Sociologue réputé qui a le premier dénoncé la violence du « management », auteur d’un ouvrage qui est la référence sur Mai 1968, Jean-Pierre Le Goff décrit dans un ouvrage récent une « gauche à l’épreuve », qui n’en finit pas de se décomposer et de s’éloigner des Français les plus durement touchés par les conséquences culturelles de Mai 1968 et par l’ultra-libéralisme. La gauche, depuis si longtemps infidèle à ses propres valeurs, peut-elle se ressaisir et retrouver les citoyens qui ont rompu avec elle ?
Royaliste : La gauche à l’épreuve ? Les socialistes semblent pourtant avoir le vent en poupe depuis leurs primaires !
Jean-Pierre Le Goff : Oui, à lire les journaux, on pourrait penser que la gauche retrouve, selon la nouvelle langue de bois, une nouvelle « dynamique citoyenne de démocratie participative qui la met au cœur du changement ». En réalité, il y a une fuite en avant. Cette fuite est symptomatique d’une crise fondamentale de sa doctrine. Plus encore, c’est la crise de ce que j’appelle, à la suite de Castoriadis, les significations imaginaires qui ont structuré la gauche depuis le XIXe siècle. Tout cela est en morceaux et la gauche continue de faire semblant.
Royaliste : Sur quels thèmes s’est fait le grand retournement de la gauche depuis un quart de siècle ?
Jean-Pierre Le Goff : D’abord la question sociale, question centrale qui structurait son identité. Ensuite la vision du peuple, plus précisément d’un sujet historique central – la classe ouvrière qui était à l’avant-garde. Enfin la culture, liée au monde ouvrier avec ses valeurs de solidarité, son éthique, sa morale.
Sur ces trois points, la gauche, et plus particulièrement le Parti socialiste, a opéré un retournement sur lequel il ne s’est jamais exprimé. Le moment emblématique de ce retournement, c’est le changement de politique de 1982-1983 qui s’accompagne d’un changement culturel qui s’était déjà amorcé. C’est aussi le moment où Mitterrand s’entoure de communicants, où la politique s’articule sur la communication. Il y a un tournant libéral en économie et une récupération de l’héritage impossible de mai 1968. La gauche devient moderniste et branchée : souvenez-vous de Mitterrand parlant un langage jeune à la télévision ou encore de Jack Lang.
Dès lors, la gauche va jouer sur tous les plans. Elle va continuer à faire comme si elle était la représentante naturelle des couches populaires mais elle joue aussi sur le modernisme : c’est une fuite en avant au cours de laquelle il faut mettre le changement au cœur du projet. C’est le thème de la modernisation développé par Laurent Fabius, avec l’idée de réconcilier les Français avec l’entreprise. C’est aussi le moment où apparaît le thème de l’Europe, comme un point de fuite : on va vers l’Europe on ne sait trop comment, mais on fait le pari que ça va marcher.

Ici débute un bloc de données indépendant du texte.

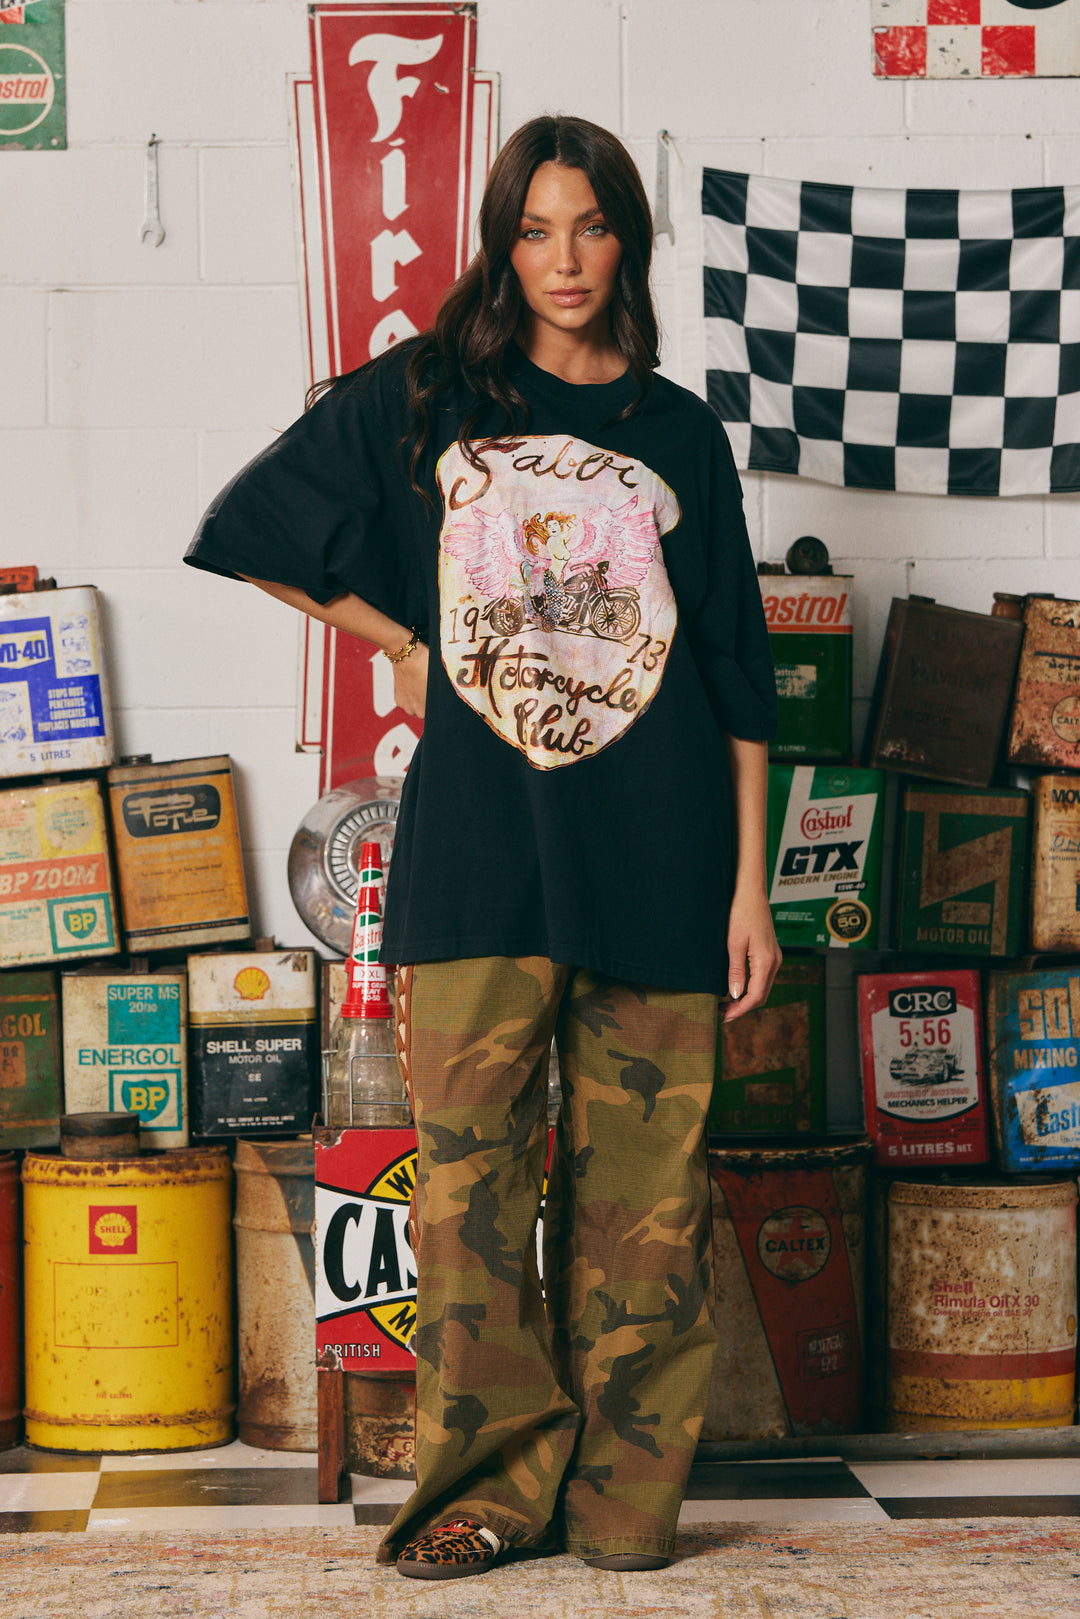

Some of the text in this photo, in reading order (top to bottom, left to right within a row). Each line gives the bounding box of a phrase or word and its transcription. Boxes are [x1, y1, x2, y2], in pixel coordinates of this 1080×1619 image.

Le fait de jouer sur ces deux tableaux a donné au Parti socialiste une supériorité morale sur ses adversaires. Celui qui contredit les socialistes est accusé d’être dans le camp des possédants et des privilégiés et, en même temps, on le dénonce comme passéiste et ringard. On voit bien que tout cela est faux : la classe ouvrière et la lutte de classes sont abandonnées au profit de ce qu’on appelle le mouvement social qui est hétéroclite : la question sociale se mélange à des considérations identitaires et ethniques. La dynamique historique est remplacée par une attitude compassionnelle et victimaire.

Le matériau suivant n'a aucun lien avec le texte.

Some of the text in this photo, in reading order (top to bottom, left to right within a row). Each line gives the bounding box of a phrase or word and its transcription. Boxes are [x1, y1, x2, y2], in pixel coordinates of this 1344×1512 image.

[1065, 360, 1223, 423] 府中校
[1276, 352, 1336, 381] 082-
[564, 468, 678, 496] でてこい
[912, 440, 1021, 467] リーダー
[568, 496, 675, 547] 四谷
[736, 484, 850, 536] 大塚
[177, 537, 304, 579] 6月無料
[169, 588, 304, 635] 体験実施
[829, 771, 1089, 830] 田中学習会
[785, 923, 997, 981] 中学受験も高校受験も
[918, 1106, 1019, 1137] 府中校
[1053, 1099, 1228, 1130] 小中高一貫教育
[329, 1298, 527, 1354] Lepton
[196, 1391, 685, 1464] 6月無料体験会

Royaliste : Quelles sont les significations imaginaires centrales qui ont façonné la gauche depuis le XIXe siècle ?
Jean-Pierre Le Goff : Il y a beaucoup de différences et de divergences – entre Péguy et Jaurès, entre les socialistes et les communistes – mais quatre idées principales inspiraient, à gauche, la représentation de l’homme et du monde dans le courant du XXe siècle.
Une conception de l’histoire en marche vers son accomplissement. C’est bien sûr la vision du Parti communiste, qui lui a donné un tour dogmatique, mais c’est aussi la vision des socialistes qui adhérent à une philosophie du progrès. C’est au nom de cela que les militants acceptent de se sacrifier.
Un sujet historique central : le prolétariat. Il y a une conception idéologique du prolétariat mais la classe ouvrière est une réalité vivante. La collectivisation des moyens de production qui est le levier de la société future. Cette collectivisation peut se faire par l’État ou par des collectifs autogérés mais dans tous les cas il y a appropriation collective.
Une conception rousseauiste de l’homme qui vient de la Révolution française : le Mal n’est pas dans le cœur de l’homme, il est dans les mauvaises institutions ; il suffit de changer les institutions pour que la bonté de l’être humain puisse se manifester.
Aujourd’hui, ces significations imaginaires ne forment plus un noyau de références solides autour duquel il pouvait y avoir débat. Tel est le problème principal d’une gauche en morceaux, ce qui ne l’empêche pas de gagner des élections ! Nous avons eu affaire de plus en plus à une gauche de ressentiment, de sectarisme et de dénonciation dont le communisme représentait la forme extrême. Il y a aujourd’hui une façon de faire la morale – je dirai presque d’engueuler le peuple – qui est très significative. L’enthousiasme, la générosité, peut se retrouver dans le syndicalisme. Mais on trouve à gauche de parfaits imprécateurs qui ne cessent de donner des leçons au bas peuple, surtout quand il a mal voté.
Royaliste : La gauche peut-elle se maintenir dans cette attitude moralisante ?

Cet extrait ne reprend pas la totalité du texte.